Instructions for the task – Copy the data below. Keep every line exactly as it is.

Source records –

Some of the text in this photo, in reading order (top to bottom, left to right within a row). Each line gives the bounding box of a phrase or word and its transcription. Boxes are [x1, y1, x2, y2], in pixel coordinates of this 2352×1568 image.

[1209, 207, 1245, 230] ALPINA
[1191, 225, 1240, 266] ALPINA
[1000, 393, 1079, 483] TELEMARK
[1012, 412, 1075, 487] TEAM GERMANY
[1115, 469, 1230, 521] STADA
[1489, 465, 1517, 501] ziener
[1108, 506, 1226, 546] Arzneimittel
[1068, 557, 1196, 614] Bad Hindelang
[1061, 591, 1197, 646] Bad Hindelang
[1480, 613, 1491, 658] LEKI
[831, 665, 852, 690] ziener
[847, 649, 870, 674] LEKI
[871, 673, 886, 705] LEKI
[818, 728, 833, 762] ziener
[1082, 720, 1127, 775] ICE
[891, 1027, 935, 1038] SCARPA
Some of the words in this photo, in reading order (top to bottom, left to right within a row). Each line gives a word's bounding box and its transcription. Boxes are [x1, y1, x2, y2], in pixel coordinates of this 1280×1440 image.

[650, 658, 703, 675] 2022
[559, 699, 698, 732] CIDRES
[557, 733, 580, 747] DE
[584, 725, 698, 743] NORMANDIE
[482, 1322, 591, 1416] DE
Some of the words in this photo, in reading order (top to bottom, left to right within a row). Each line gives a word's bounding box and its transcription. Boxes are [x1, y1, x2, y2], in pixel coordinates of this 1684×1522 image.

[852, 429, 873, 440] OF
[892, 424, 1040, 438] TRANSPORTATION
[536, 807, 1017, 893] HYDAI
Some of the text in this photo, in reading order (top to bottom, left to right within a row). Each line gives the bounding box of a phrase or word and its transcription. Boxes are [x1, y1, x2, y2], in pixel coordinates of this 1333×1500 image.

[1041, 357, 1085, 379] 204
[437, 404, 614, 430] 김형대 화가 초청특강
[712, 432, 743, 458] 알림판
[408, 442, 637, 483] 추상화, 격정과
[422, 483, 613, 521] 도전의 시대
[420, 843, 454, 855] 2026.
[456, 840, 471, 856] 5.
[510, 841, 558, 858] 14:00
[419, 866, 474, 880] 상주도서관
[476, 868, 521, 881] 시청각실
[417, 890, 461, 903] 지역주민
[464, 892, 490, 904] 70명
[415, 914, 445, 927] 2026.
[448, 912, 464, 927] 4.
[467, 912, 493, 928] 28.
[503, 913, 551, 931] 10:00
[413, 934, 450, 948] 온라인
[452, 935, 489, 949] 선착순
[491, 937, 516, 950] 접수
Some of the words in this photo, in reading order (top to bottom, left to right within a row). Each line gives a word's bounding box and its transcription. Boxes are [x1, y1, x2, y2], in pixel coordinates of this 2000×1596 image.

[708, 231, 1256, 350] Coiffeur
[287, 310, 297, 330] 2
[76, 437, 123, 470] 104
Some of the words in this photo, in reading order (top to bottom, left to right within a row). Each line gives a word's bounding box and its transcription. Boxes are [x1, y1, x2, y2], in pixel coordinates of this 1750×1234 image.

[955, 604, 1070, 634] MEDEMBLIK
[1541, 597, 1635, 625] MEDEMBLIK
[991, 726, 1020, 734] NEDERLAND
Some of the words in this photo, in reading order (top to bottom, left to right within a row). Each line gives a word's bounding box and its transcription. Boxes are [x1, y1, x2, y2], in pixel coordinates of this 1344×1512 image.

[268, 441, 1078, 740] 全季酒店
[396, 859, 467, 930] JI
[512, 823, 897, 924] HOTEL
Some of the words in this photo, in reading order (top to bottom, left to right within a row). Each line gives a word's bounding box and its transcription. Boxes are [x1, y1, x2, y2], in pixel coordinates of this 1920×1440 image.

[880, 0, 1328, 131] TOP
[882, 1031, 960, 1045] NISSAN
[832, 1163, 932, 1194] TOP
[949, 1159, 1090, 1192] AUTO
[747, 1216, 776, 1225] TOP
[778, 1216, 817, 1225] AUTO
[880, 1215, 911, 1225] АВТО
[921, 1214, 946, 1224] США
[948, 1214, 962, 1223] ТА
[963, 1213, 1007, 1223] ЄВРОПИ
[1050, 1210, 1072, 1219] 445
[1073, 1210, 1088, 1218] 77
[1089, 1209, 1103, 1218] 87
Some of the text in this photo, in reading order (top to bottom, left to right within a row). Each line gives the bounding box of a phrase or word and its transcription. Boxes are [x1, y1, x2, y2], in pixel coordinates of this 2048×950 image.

Output for this exercise –
Some of the text in this photo, in reading order (top to bottom, left to right within a row). Each line gives the bounding box of a phrase or word and its transcription. Boxes are [x1, y1, x2, y2], in pixel coordinates of this 2352×1568 image.

[1209, 207, 1245, 230] ALPINA
[1191, 225, 1240, 266] ALPINA
[1000, 393, 1079, 483] TELEMARK
[1012, 412, 1075, 487] TEAM GERMANY
[1115, 469, 1230, 521] STADA
[1489, 465, 1517, 501] ziener
[1108, 506, 1226, 546] Arzneimittel
[1068, 557, 1196, 614] Bad Hindelang
[1061, 591, 1197, 646] Bad Hindelang
[1480, 613, 1491, 658] LEKI
[831, 665, 852, 690] ziener
[847, 649, 870, 674] LEKI
[871, 673, 886, 705] LEKI
[818, 728, 833, 762] ziener
[1082, 720, 1127, 775] ICE
[891, 1027, 935, 1038] SCARPA
Some of the words in this photo, in reading order (top to bottom, left to right within a row). Each line gives a word's bounding box and its transcription. Boxes are [x1, y1, x2, y2], in pixel coordinates of this 1280×1440 image.

[650, 658, 703, 675] 2022
[559, 699, 698, 732] CIDRES
[557, 733, 580, 747] DE
[584, 725, 698, 743] NORMANDIE
[482, 1322, 591, 1416] DE
Some of the words in this photo, in reading order (top to bottom, left to right within a row). Each line gives a word's bounding box and its transcription. Boxes are [x1, y1, x2, y2], in pixel coordinates of this 1684×1522 image.

[852, 429, 873, 440] OF
[892, 424, 1040, 438] TRANSPORTATION
[536, 807, 1017, 893] HYDAI
Some of the text in this photo, in reading order (top to bottom, left to right within a row). Each line gives the bounding box of a phrase or word and its transcription. Boxes are [x1, y1, x2, y2], in pixel coordinates of this 1333×1500 image.

[1041, 357, 1085, 379] 204
[437, 404, 614, 430] 김형대 화가 초청특강
[712, 432, 743, 458] 알림판
[408, 442, 637, 483] 추상화, 격정과
[422, 483, 613, 521] 도전의 시대
[420, 843, 454, 855] 2026.
[456, 840, 471, 856] 5.
[510, 841, 558, 858] 14:00
[419, 866, 474, 880] 상주도서관
[476, 868, 521, 881] 시청각실
[417, 890, 461, 903] 지역주민
[464, 892, 490, 904] 70명
[415, 914, 445, 927] 2026.
[448, 912, 464, 927] 4.
[467, 912, 493, 928] 28.
[503, 913, 551, 931] 10:00
[413, 934, 450, 948] 온라인
[452, 935, 489, 949] 선착순
[491, 937, 516, 950] 접수
Some of the words in this photo, in reading order (top to bottom, left to right within a row). Each line gives a word's bounding box and its transcription. Boxes are [x1, y1, x2, y2], in pixel coordinates of this 2000×1596 image.

[708, 231, 1256, 350] Coiffeur
[287, 310, 297, 330] 2
[76, 437, 123, 470] 104
Some of the words in this photo, in reading order (top to bottom, left to right within a row). Each line gives a word's bounding box and its transcription. Boxes are [x1, y1, x2, y2], in pixel coordinates of this 1750×1234 image.

[955, 604, 1070, 634] MEDEMBLIK
[1541, 597, 1635, 625] MEDEMBLIK
[991, 726, 1020, 734] NEDERLAND
Some of the words in this photo, in reading order (top to bottom, left to right within a row). Each line gives a word's bounding box and its transcription. Boxes are [x1, y1, x2, y2], in pixel coordinates of this 1344×1512 image.

[268, 441, 1078, 740] 全季酒店
[396, 859, 467, 930] JI
[512, 823, 897, 924] HOTEL
Some of the words in this photo, in reading order (top to bottom, left to right within a row). Each line gives a word's bounding box and its transcription. Boxes are [x1, y1, x2, y2], in pixel coordinates of this 1920×1440 image.

[880, 0, 1328, 131] TOP
[882, 1031, 960, 1045] NISSAN
[832, 1163, 932, 1194] TOP
[949, 1159, 1090, 1192] AUTO
[747, 1216, 776, 1225] TOP
[778, 1216, 817, 1225] AUTO
[880, 1215, 911, 1225] АВТО
[921, 1214, 946, 1224] США
[948, 1214, 962, 1223] ТА
[963, 1213, 1007, 1223] ЄВРОПИ
[1050, 1210, 1072, 1219] 445
[1073, 1210, 1088, 1218] 77
[1089, 1209, 1103, 1218] 87
Some of the text in this photo, in reading order (top to bottom, left to right within a row). Each line gives the bounding box of a phrase or word and its transcription. Boxes are [x1, y1, x2, y2], in pixel coordinates of this 2048×950 image.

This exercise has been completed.